DCSIMG

Comment: Gloom lifting but shops’ outlook cloudy

Martin Flanagan

Martin Flanagan

  • by MARTIN FLANAGAN
 

WITH echoes of Winston Churchill’s view on Russia, the retail sector is a riddle wrapped in an enigma. The industry chips in a hefty 10 per cent of GDP, but is as clear as multi-faceted mud.

The Scottish Retail Consortium has revealed that its members have had their best August since 2009, with total and like-for-like sales both rising. A shaft of survey sunshine, and not the first one in the past year.

But underlying trading is testing, with many retail names collapsing in recent times: Blacks Leisure, Blockbuster UK, Jessops, La Senza, Clinton Cards. Comet, HMV, JJB Sports and Peacocks.

That uniquely British retailing yardstick, Marks & Spencer, has posted eight consecutive trading quarters of falling underlying sales in its general merchandise division, including its pivotal clothing business.

Even the high street’s most resilient sub-sector, food retailing, has talked of the pressures on consumers making it the toughest, price-conscious trading environment in a generation.

But, confusingly, an unashamedly upmarket operator like Waitrose goes from strength to strength, while the supermarkets’ smaller convenience stores exert a crush on the corner shop.

It is unsurprising in this climate that some of the best performers have been discounters such as Poundland, while walking through any shopping centre the giveaway signs are boarded-up shops, pawnbrokers, and much space given over to charity operations.

A report out yesterday from the Local Data Company said high street vacancies remained “stubbornly high”: more than 17 per cent in Wales, just under 15 per cent in Scotland and 14 per cent in England. These vacant shops are also fetching low prices at auction.

A maverick card has been the march of the internet into the sector. It has changed the whole trading dynamic of bookshops, for instance, while some retailers have campaigned for a relaxation of business rates and red tape to help provide them with a moat against the plunderings of the web siege engines.

Some retailers report impressive percentage rises in online sales, but from low bases; others have ambitious targets for online sales over the coming years; others don’t break out internet sales figures because they are supported by the general costbase.
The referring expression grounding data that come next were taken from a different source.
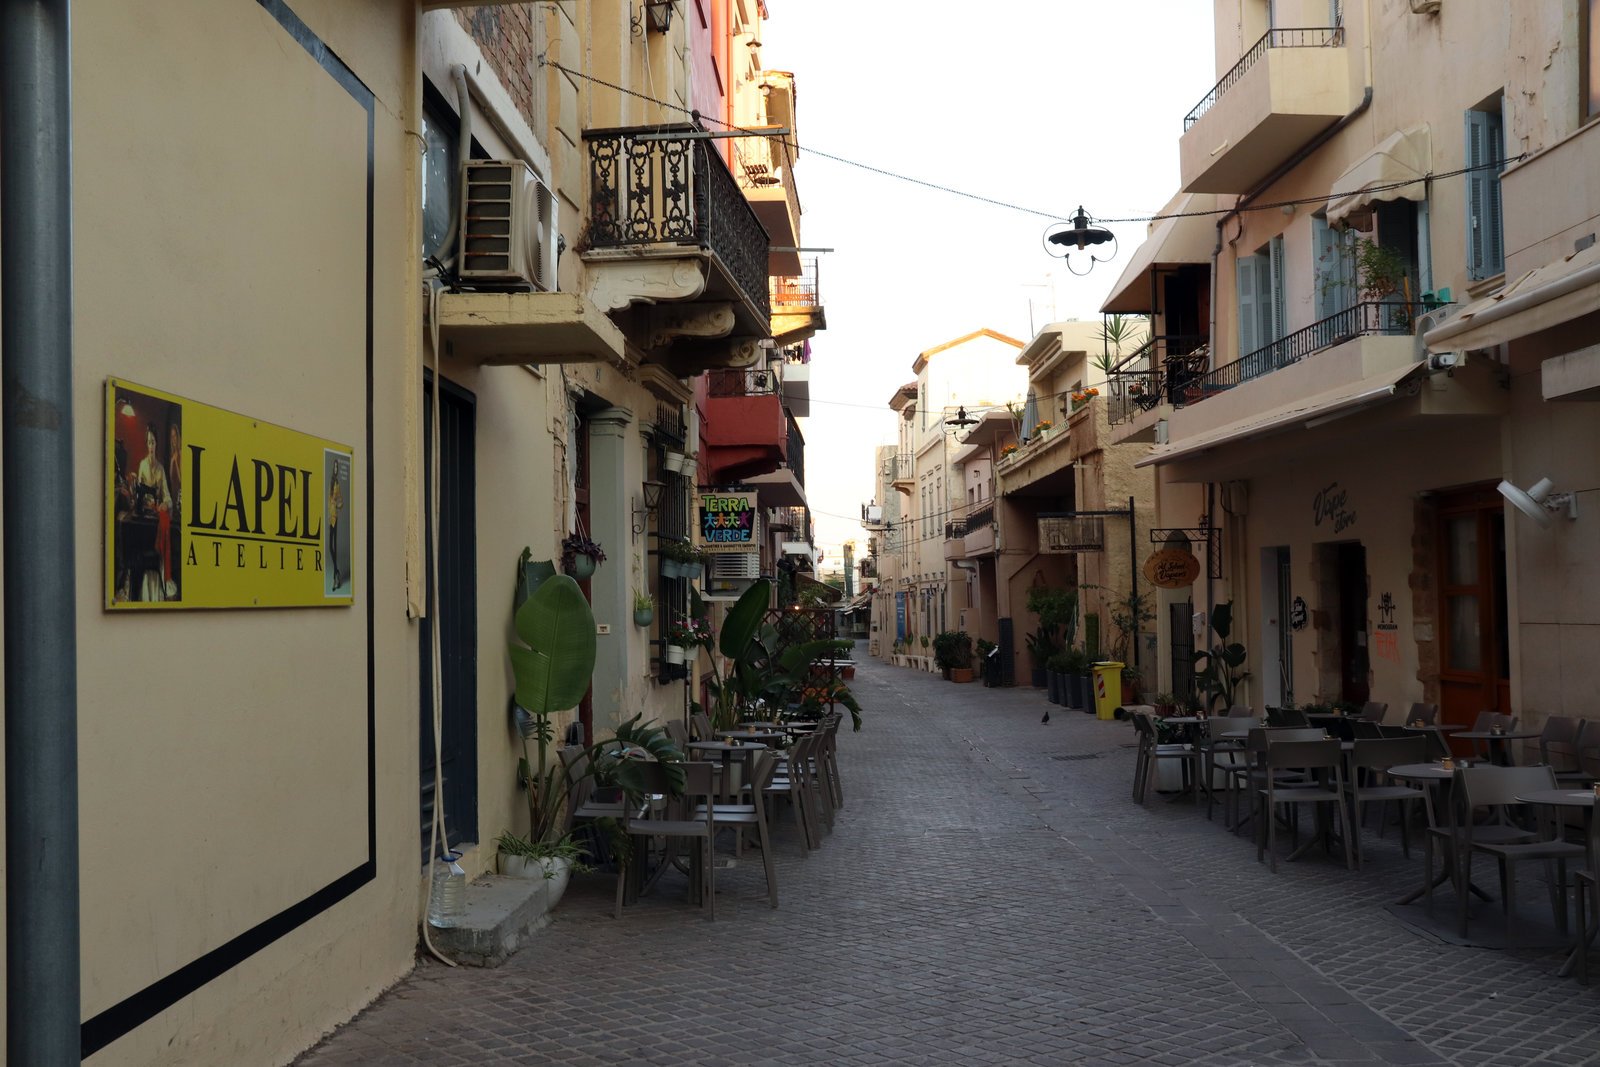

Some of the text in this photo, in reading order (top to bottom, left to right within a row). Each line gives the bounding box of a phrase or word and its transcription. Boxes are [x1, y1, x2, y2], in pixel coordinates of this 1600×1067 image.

[187, 444, 321, 540] LAPEL
[701, 494, 750, 512] TERRA
[1313, 481, 1347, 526] Vape
[704, 529, 751, 542] VERDE
[186, 540, 322, 571] ATELIER
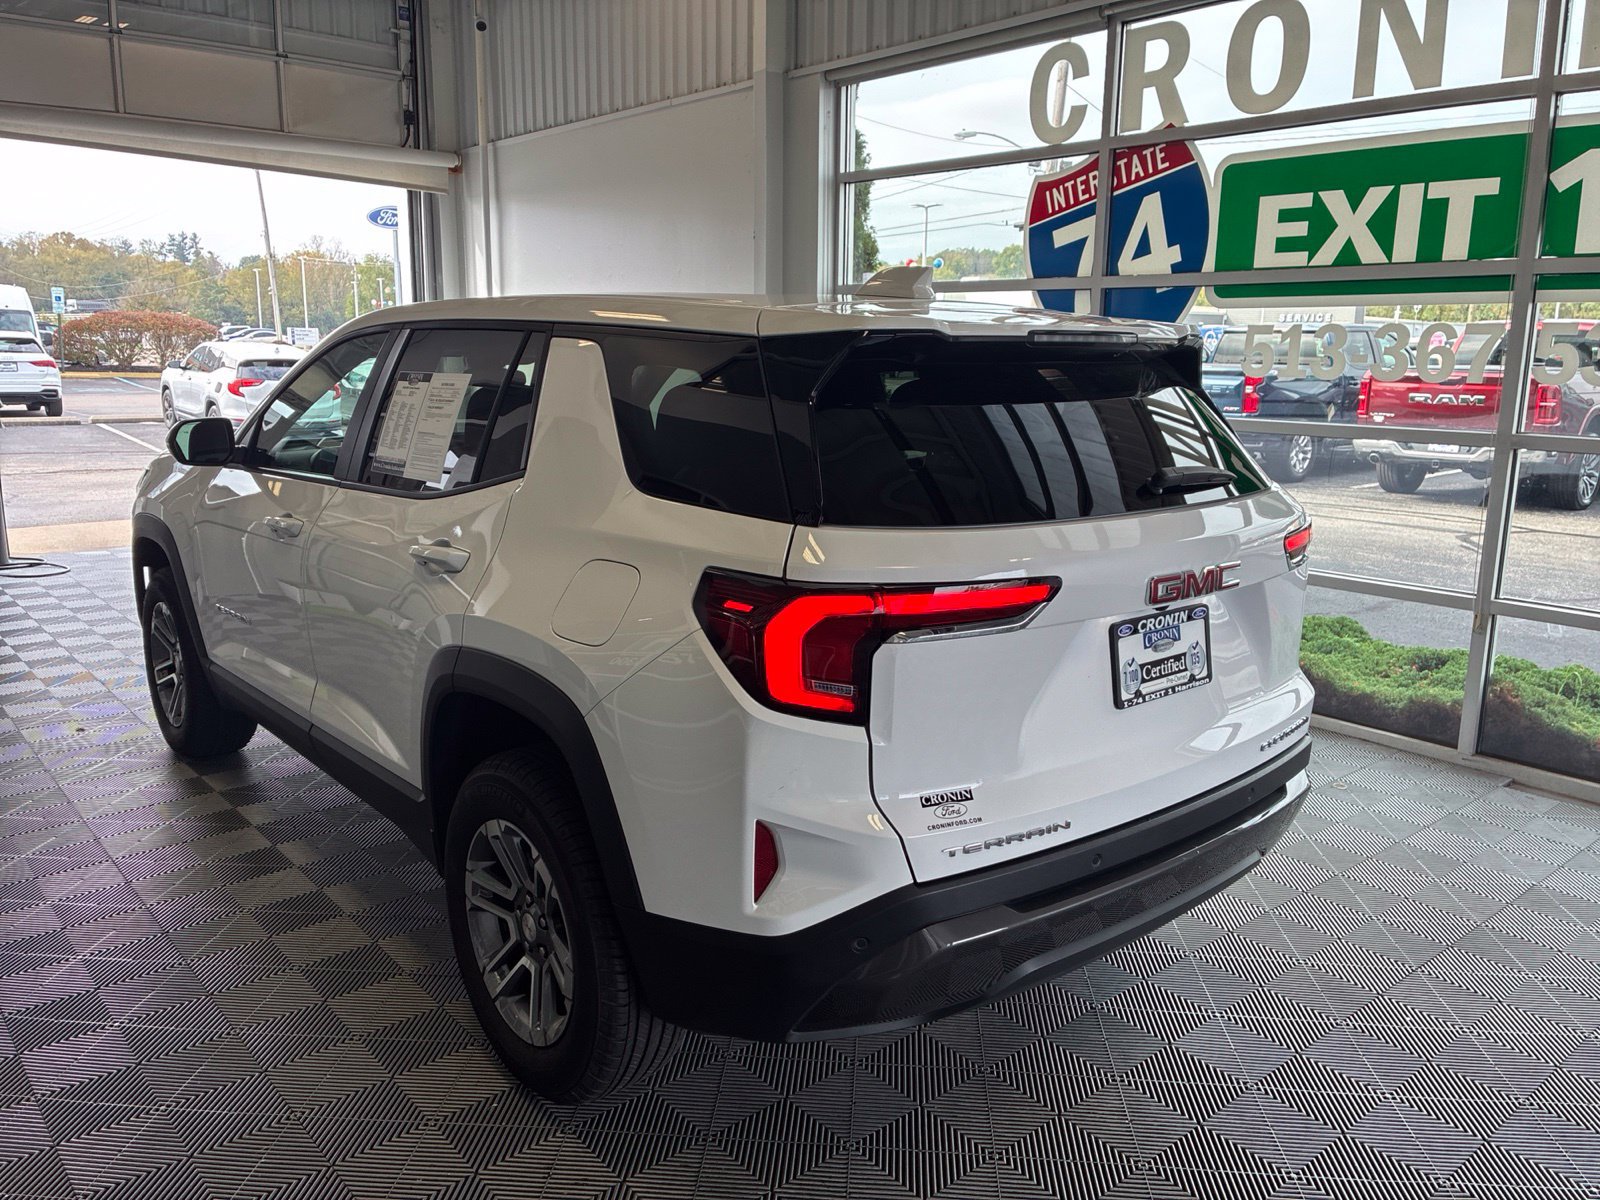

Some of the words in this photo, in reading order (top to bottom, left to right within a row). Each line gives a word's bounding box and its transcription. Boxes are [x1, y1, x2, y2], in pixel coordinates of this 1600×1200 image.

[1029, 0, 1600, 144] CRONI
[1045, 144, 1169, 213] INTERTATE
[1254, 177, 1500, 268] EXIT
[1053, 191, 1182, 313] 74
[1279, 313, 1333, 323] SERVICE
[1409, 393, 1486, 406] RAM
[1145, 560, 1241, 606] GMC
[1138, 610, 1188, 632] CRONIN
[1145, 626, 1179, 647] CRONIN
[1143, 656, 1186, 679] Certified
[1124, 697, 1143, 708] I-74
[1145, 690, 1166, 702] EXIT
[1175, 678, 1210, 692] Harrison
[922, 788, 972, 806] CRONIN
[941, 805, 962, 817] Ford
[927, 816, 983, 831] CRONINFORD.COM
[941, 819, 1072, 857] TERRAIN
Meanwhile, the relentlessly successful Primark marches to its own drum, ditching its online experiment with the Asos website and announcing it is to open an extra one million square feet of physical retail space instead.

Retail is having to cope with an unforgiving consumer climate as it also undergoes systemic change. As such, we are likely to hear an uneven narrative from the high street for some time yet, with sunshine occasionally breaking through the cloud.
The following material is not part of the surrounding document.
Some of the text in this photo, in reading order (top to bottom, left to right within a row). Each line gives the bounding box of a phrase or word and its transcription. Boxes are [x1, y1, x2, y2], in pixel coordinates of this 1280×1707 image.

Privatisation rumours suggest banks on mend

SHARES in Lloyds Banking Group hit a three-year high yesterday, and the political party conference season has hoved into view.
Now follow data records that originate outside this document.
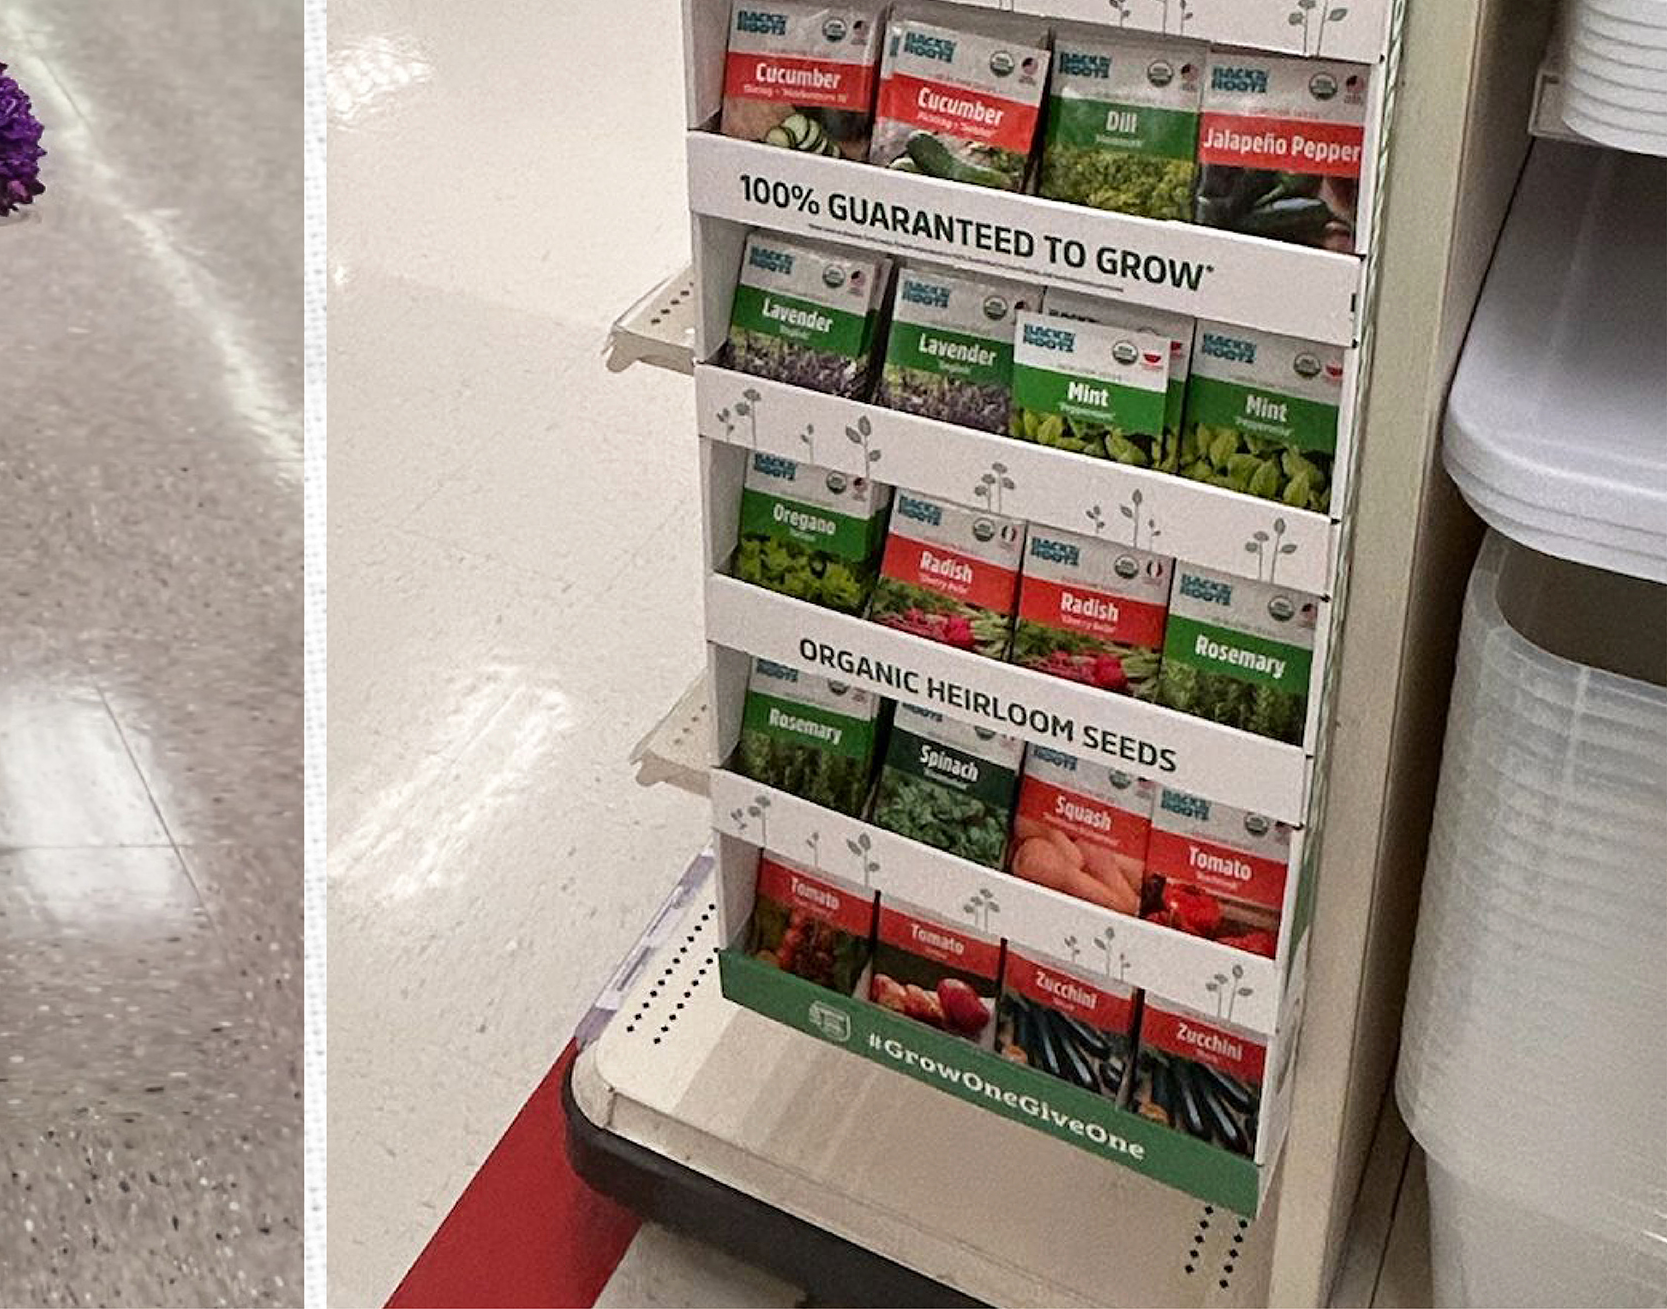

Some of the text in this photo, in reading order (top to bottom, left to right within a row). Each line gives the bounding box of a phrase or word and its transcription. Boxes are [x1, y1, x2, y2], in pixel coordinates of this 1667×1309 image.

[756, 63, 841, 89] Cucumber
[918, 86, 1004, 126] Cucumber
[1107, 111, 1138, 133] Dill
[1203, 128, 1361, 163] Jalapeño Pepper
[740, 174, 820, 215] 100%
[828, 194, 1035, 259] GUARANTEED
[1043, 235, 1086, 268] TO
[762, 297, 833, 334] Lavender
[919, 333, 997, 366] Lavender
[1067, 381, 1109, 408] Mint
[1245, 395, 1288, 423] Mint
[773, 503, 836, 536] Oregano
[920, 550, 972, 585] Radish
[1060, 592, 1119, 622] Radish
[1194, 634, 1286, 680] Rosemary
[799, 638, 1178, 773] ORGANIC HEIRLOOM SEEDS
[769, 708, 842, 746] Rosemary
[920, 744, 979, 783] Spinach
[1055, 795, 1112, 832] Squash
[1188, 846, 1253, 881] Tomato
[790, 877, 840, 910] Tomato
[910, 923, 965, 955] Tomato
[1035, 971, 1097, 1009] Zucchini
[1177, 1023, 1243, 1062] Zucchini
[869, 1032, 1146, 1161] #GrowOneGiveOne
Will the coalition government try to gild the respective Conservative and Lib Dem gatherings by the seaside with a little banking-apocalypse-over gold dust via a sell-down of the state’s stake in the bank? I suspect so. Politicians have decent antennae for opportunity knocking, and such a move at Lloyds would complement the bank having just launched TSB as a separate brand in another suggestion banking is on the mend.